‘Mental health care in NHS Grampian is nowhere near as safe and secure as it should be’

Isla is aiming to highlight the ‘postcode lottery’ of care.

A woman who has self-harmed for 12 years says she feels let down by mental health services in the region and fears “the next time will be the last”.

Isla Forrester has borderline personality disorder (BPD) which causes her to suffer extreme emotional instability.

The 22-year-old, who has self-harmed since the age of 10, decided to speak publicly about her struggle in a bid to highlight the “postcode lottery” for sufferers in the North-east.

Isla, of Hazlehead, said: “Mental health care in NHS Grampian is nowhere near as safe and secure as it should be.

“The Central Belt and even Dumfries and Galloway are far ahead of us, they are much more on the ball with it, really poles apart.

“It’s frustrating because elsewhere there is that support on hand.

“It does feel like a postcode lottery to be honest.”

Isla’s self-harming became worse following the death of a close family member when she was 18.

She said: “With BPD you feel the emotional equivalent of third degree burns.

“And I know when I’m in crisis I’m not safe – I think self-harming will make me feel better and I end up on a bad path.

“For me in my head I know doctors can fix a physical pain, so they will come and fix me if I’m hurt and hopefully will also fix what’s going on in my head as part of that.

“It’s at the stage now I know almost all of the police, because they have been called out to my home so many times, and most of the doctors and nurses in A&E.

“They tell me they are limited as to what they can do, I know they are frustrated too.
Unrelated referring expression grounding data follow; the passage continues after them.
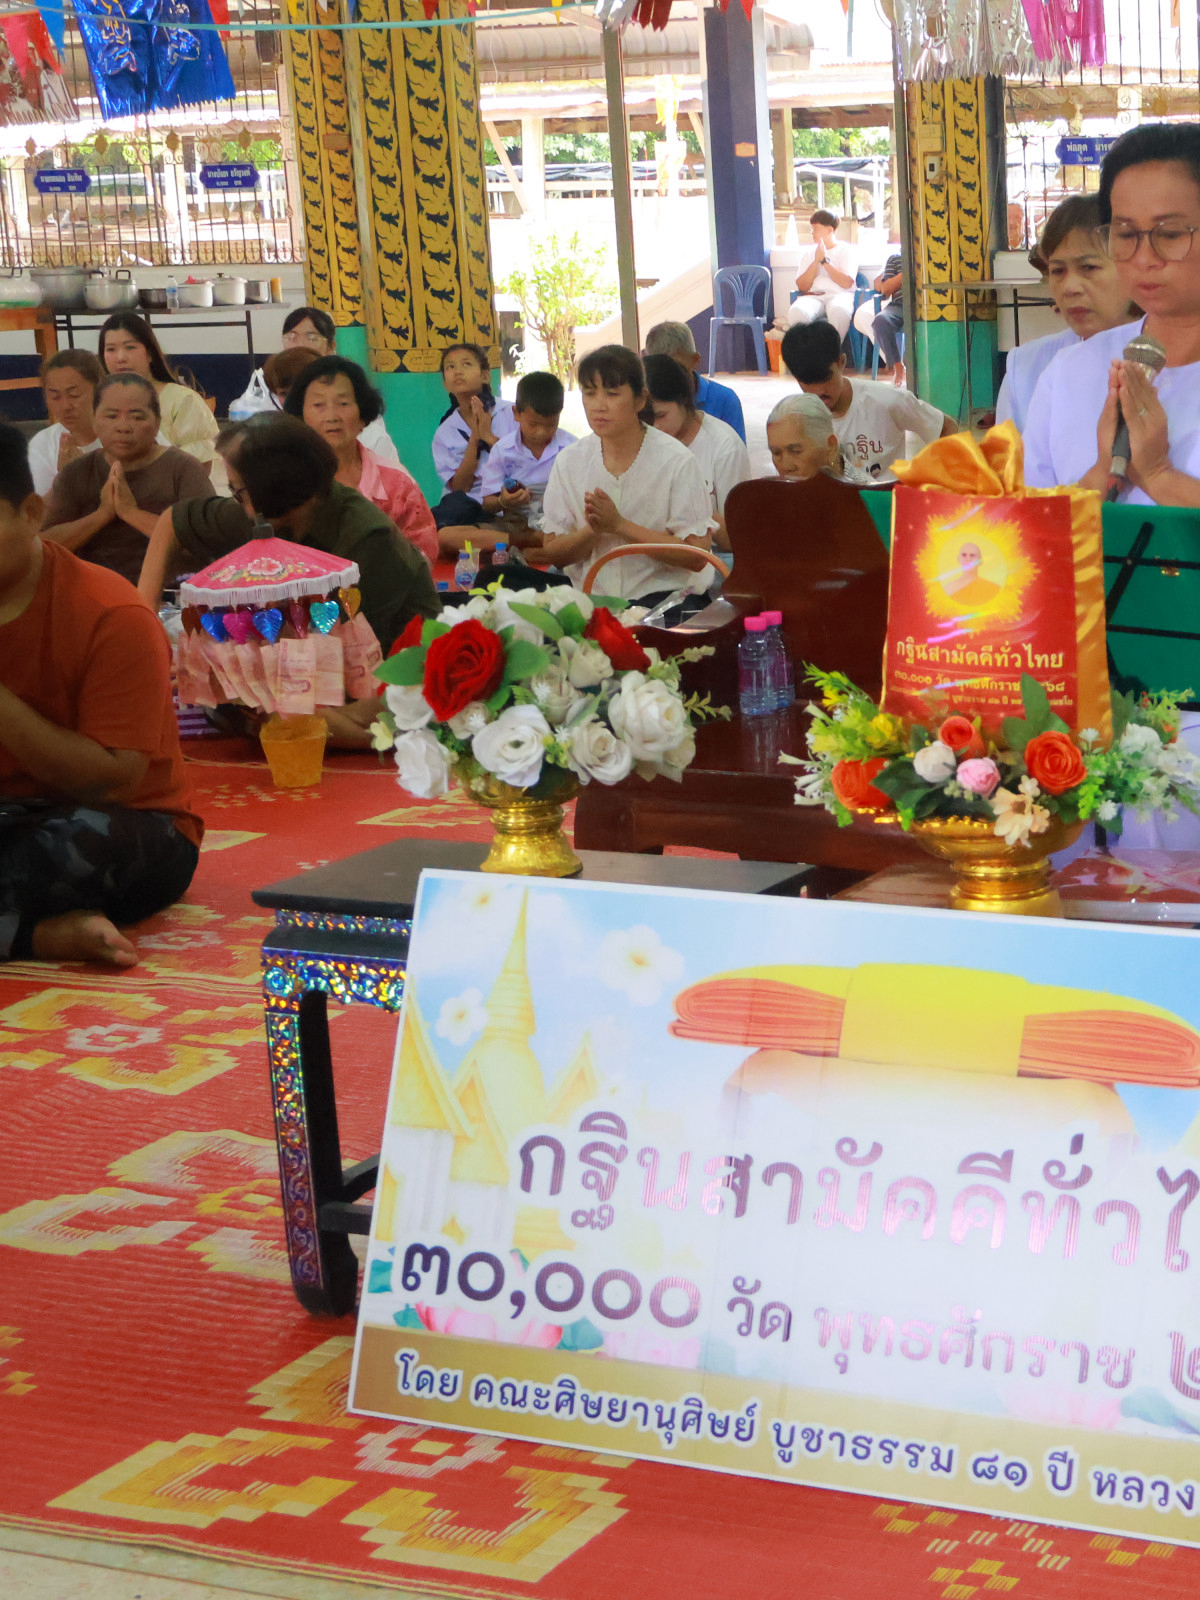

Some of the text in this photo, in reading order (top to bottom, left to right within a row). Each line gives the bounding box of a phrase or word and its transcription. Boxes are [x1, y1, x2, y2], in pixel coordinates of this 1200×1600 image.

[896, 636, 1064, 669] กฐินสามัคคีทั่วไทย
[400, 1242, 702, 1329] ๓๐,๐๐๐
[727, 1275, 792, 1343] วัด
[813, 1303, 1136, 1390] พุทธศักราช
[398, 1352, 459, 1398] โดย
[473, 1377, 757, 1444] คณะศิษยานุศิษย์
[772, 1420, 955, 1474] บูชาธรรม
[972, 1452, 1029, 1487] ๘๑
[1047, 1451, 1074, 1492] ปี
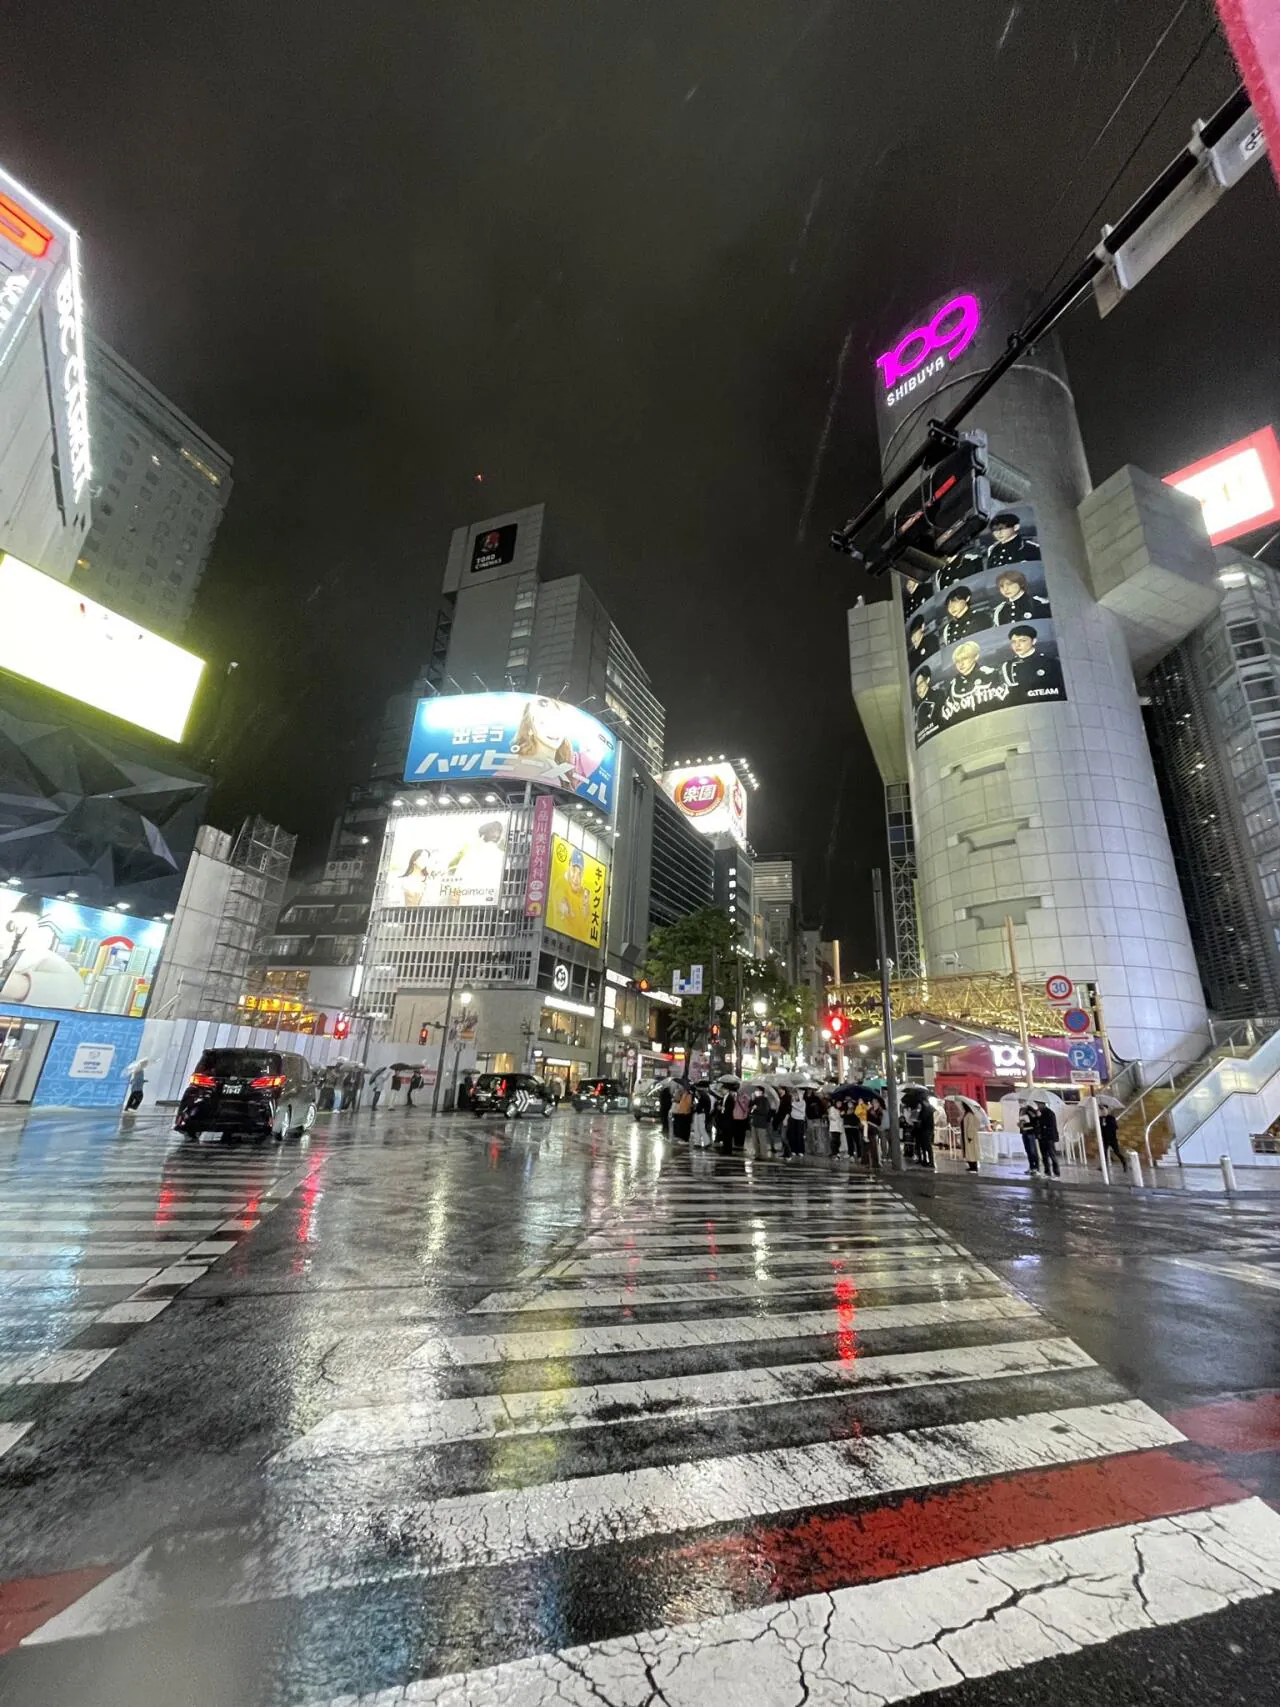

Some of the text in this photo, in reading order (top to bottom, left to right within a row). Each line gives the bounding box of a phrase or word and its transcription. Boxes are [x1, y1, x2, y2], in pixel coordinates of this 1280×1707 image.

[877, 294, 979, 388] 109
[887, 356, 945, 406] SHIBUYA
[414, 746, 608, 805] ハッピーメール
[683, 784, 717, 803] 楽園
[590, 867, 603, 941] キング大山
[1051, 982, 1067, 993] 30
[989, 1044, 1035, 1071] 109
“I’m at a loss as to where I can go for help, and I feel the emergency services don’t have the answers either.”

Living alone, Isla admits she is constantly worried the next time she self-harms help won’t reach her in time.
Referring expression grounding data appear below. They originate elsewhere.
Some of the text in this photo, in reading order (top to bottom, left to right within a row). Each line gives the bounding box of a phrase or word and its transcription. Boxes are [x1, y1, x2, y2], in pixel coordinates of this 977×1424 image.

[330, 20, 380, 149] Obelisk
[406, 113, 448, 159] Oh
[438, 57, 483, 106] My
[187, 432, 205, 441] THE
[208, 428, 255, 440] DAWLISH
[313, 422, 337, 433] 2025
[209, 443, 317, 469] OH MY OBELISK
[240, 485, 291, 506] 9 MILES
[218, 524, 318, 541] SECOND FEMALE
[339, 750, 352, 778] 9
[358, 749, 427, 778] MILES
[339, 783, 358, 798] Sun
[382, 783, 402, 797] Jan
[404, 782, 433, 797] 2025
She said: “My self-harming has become more extreme as I’ve become older and it’s happened more times than I care to count.

“Recently the only reason I was saved was because I called from a landline and they found me from that.

“But if something happens no one will know.

“It’s on my mind a lot – the thought that next time could be the last time.”

Recent statistics from the Scottish Government revealed NHS Grampian is one of the worst performing health boards for timely access to Child and Adolescent Mental Health Services (CAMHS).

Figures reveal the North-east health board is one of the worst performing in the country when it comes to achieving the 90% target for the maximum 18 weeks from referral to treatment in CAMHS.

Just 45% of Grampian’s patients were referred within the target waiting time during October to December 2016.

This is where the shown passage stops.